This agreement is applicable for the term of your membership. This shall be the term beginning after you have been notified that your application for membership has been accepted by NAIBRS and ending on termination, expiration or cancellation of Your membership in NAIBRS or any earlier termination of this Agreement by NAIBRS (“Term”). Unless terminated as provided herein, this Agreement shall remain in full force and effect, renewing annually, at the beginning of each fiscal year of NAIBRS’s acceptance of Your application for membership. This Agreement shall be suspended upon the suspension of your NAIBRS membership.


NAIBRS shall have the right, in its complete and sole discretion, to terminate the Agreement if you fail to comply with the terms and conditions of the Agreement and as such, breach this Agreement. You shall be obligated to pay marketing fees (if applicable) which accrued prior to the effective date of termination. NAIBRS shall have the right, in its complete and sole discretion, to terminate the Agreement for convenience five days after provision of written notice, provided however, in the event of an exercise of this right, NAIBRS shall refund all fees and charges paid by the member and not earned by NAIBRS within thirty days of the termination.


This General Terms and Conditions of membership is a legal Agreement between you/your organization (“You/Your”), and the National Association of Independent Builders and Real Estate Services (NAIBRS Inc.), a not-for-profit 501(c)(6) corporation which sets forth the terms and conditions of membership. You understand that the rights of membership, including the right to identify membership, begin only when You have been notified that your application for membership has been accepted.


Member Dues

Members are subject to annual membership dues (unless waived by NAIBRS).


Use of NAIBRS Name and Logos

Member Use of the NAIBRS Name and Logo: By using the Name and/or Logo, You are taking an affirmative action to signify that You are entering into a legal Agreement and affirmatively agree to be bound by the terms of the Agreement as set forth below including those additional terms and conditions as may be stipulated in any referenced or accompanying documentation. If you do not agree to be bound by the terms of the Agreement as set forth below, do not obtain or use the Name and/or Logo. The name and/or logo may be obtained directly from any NAIBRS staff in the form of a graphic file contained on computer media or by downloading, copying or any other electronic retrieval method the Name and/or Logo from the NAIBRS website.
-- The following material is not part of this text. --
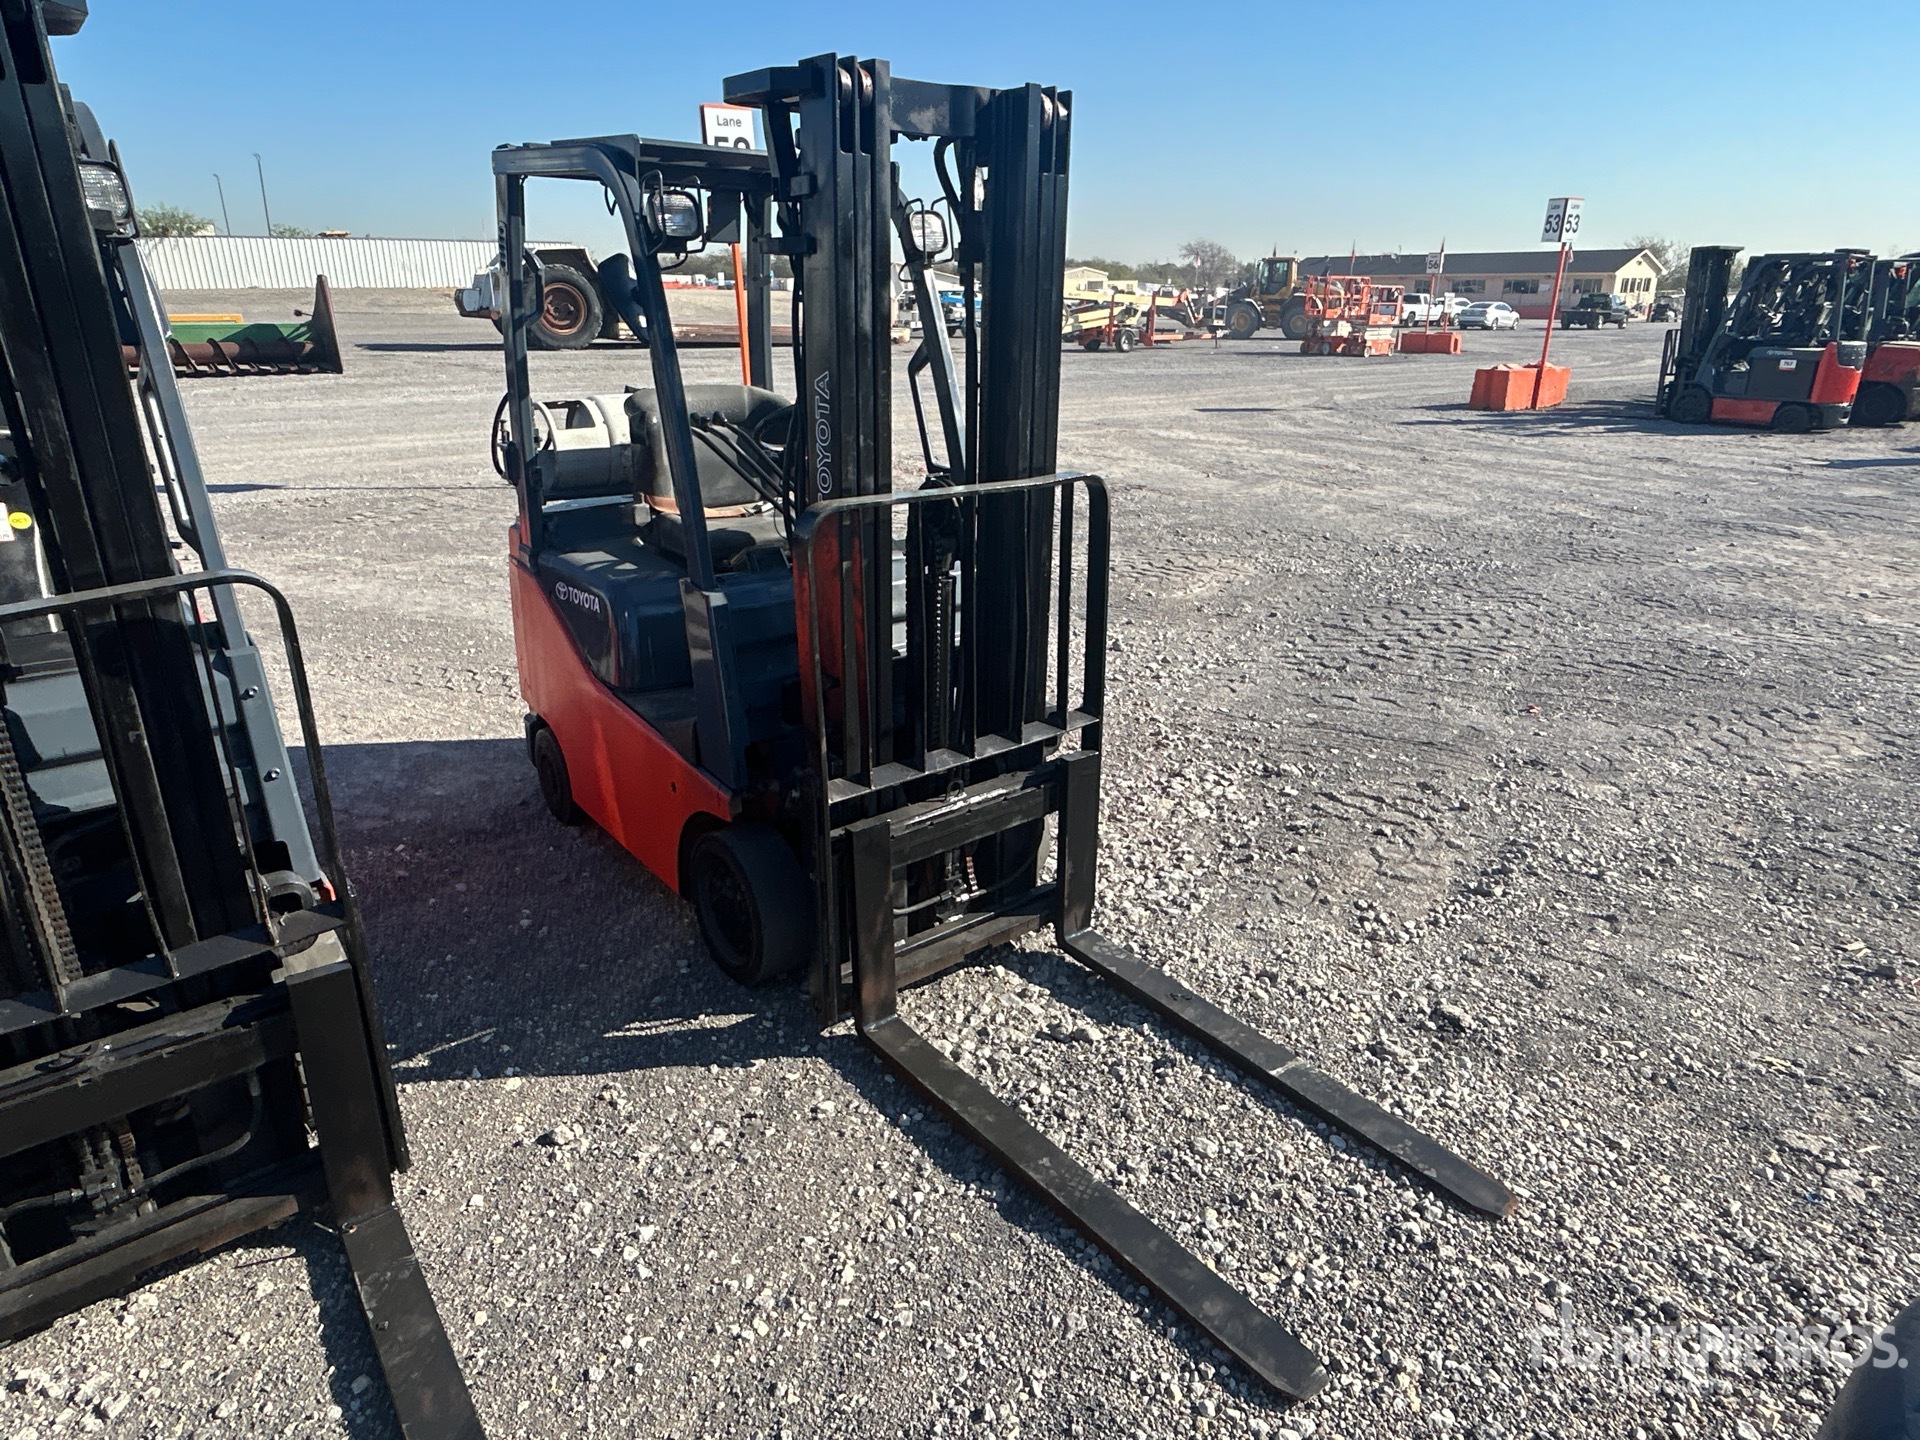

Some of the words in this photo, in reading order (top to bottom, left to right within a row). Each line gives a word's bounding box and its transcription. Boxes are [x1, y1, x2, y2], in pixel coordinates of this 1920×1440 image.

License to Identify Membership: During the Term of this Agreement, NAIBRS grants You a nonexclusive, non-assignable and non-transferable limited license to use the NAIBRS Name and Logo only as stated below in the following printed media whether as printed or “online” materials and electronic broadcast media: newspapers, periodicals, billboards, posters, direct mail, flyers, yellow pages or other directory advertising, telephone, television or radio spots, business cards, stationary, invoices, facsimile cover sheets and other standard business documents for the limited purpose of conveying notice of Your membership in NAIBRS. You agree that the NAIBRS Name and Logo may not be otherwise used, copied, reproduced or altered in any manner. Nothing in this Agreement, or in Your use of the NAIBRS Name and Logo, will give You any right whatsoever in the NAIBRS Name and Logo, or in any similar marks, beyond the right granted in this Agreement.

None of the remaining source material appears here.